Pelo encaminhar desta conversa, não me parece que terei a mesma sorte de Mikoto e Ailiss o interromperem.
— Essa não é a questão. Agora, escute-me, este não é o caminho, o que você pretende fazer não acabará bem. Nada será resolvido, o único que irá perder com isso tudo será você.
— Cale a boca, seu merda! Você não sabe o quanto tempo eu a admiro! Por que você pode ter tudo e eu preciso aceitar isso, hein?! Tendo aquelas duas, para você é fácil falar algo assim! Você possui tudo! — arregala mais os olhos — EU NÃO TENHO NADA PARA PERDER!
Takashi parte para cima de mim aplicando um soco em direção ao meu rosto. Então cruzo os braços em frente a minha face para me proteger do impacto e em seguida agarro o seu punho para segurá-lo.
Quem diria que todo aquele treino com Ailiss serviu para alguma coisa, não estou nem aos pés daquelas duas garotas, entretanto até um zero a esquerda como eu pode dar conta disso.
Droga!
Vejo a luz refletida sobre uma superfície metálica.
Infelizmente não pude prever um fato… Ele está portando uma faca de cozinha.
— MoRrA sEu DeSgRaçADO haHahAHaHA — euforicamente profere um grito com a voz distorcida.

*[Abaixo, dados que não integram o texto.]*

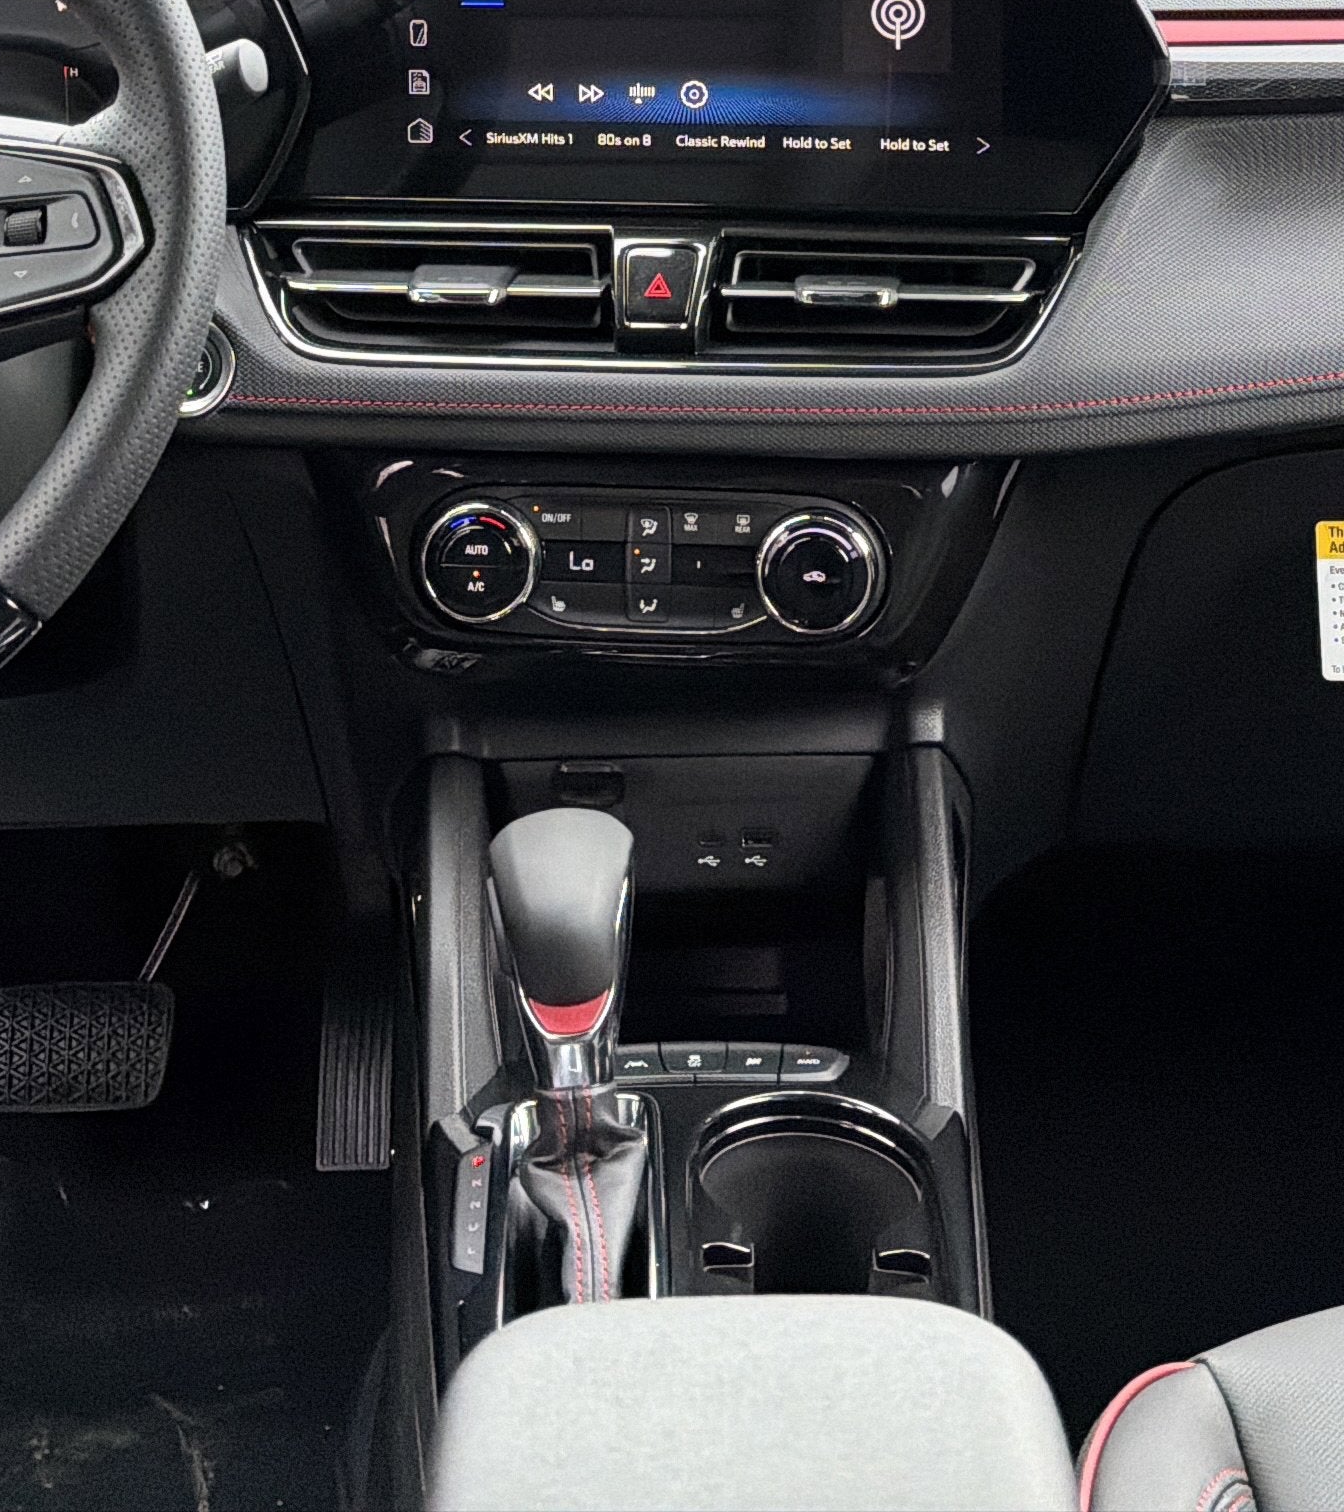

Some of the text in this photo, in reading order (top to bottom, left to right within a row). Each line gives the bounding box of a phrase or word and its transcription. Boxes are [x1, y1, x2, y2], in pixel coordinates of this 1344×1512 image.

[69, 67, 78, 77] H
[486, 132, 573, 145] SiriusXM Hits 1
[597, 133, 652, 146] 80s on 8
[676, 134, 766, 148] Classic Rewind
[783, 136, 852, 150] Hold to Set
[880, 138, 950, 152] Hold to Set
[542, 513, 572, 522] ON/OFF
[684, 524, 698, 532] MAX
[735, 525, 751, 533] REAR
[465, 545, 488, 555] AUTO
[569, 551, 594, 571] Lo
[467, 582, 485, 591] A/C
[1332, 666, 1340, 675] To

Não consigo me proteger do golpe seguinte, no qual com a lâmina da faca ele acerta minha barriga.
Em dor, retraio-me.
Em seguida, ele aproveita a oportunidade para atingir o próximo golpe. A faca avança em direção ao meu pescoço, tento segurar o seu braço, mas ele o desvia levantando a lâmina.
O quê?!
Inesperadamente, Takashi ataca-me nos olhos.
Sinto uma dor ardente enquanto o fio da lâmina corta meus glóbulos oculares.

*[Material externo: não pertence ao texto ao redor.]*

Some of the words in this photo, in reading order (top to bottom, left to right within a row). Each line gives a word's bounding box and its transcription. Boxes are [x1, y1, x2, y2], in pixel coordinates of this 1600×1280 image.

Dou um urro de dor enquanto tento me orientar às cegas.
Droga, não posso ver!
Toco a parede para me estabilizar, mas logo em seguida sinto uma pancada à esquerda da minha cabeça fazendo com que eu tombe ao chão.
— Morra! — crava a lâmina no meu tórax.
— Morra! — atinge o meu abdômen.
— Morra! Morra! Morra! Morra! Morra! Morra! Morra! Morra! Morra! Morra! Morra! Morra! Morra! Morra! Morra! Morra! Morra! Morra! Morra! Morra! Morra! Morra! Morra! Morra! Morra! Morra!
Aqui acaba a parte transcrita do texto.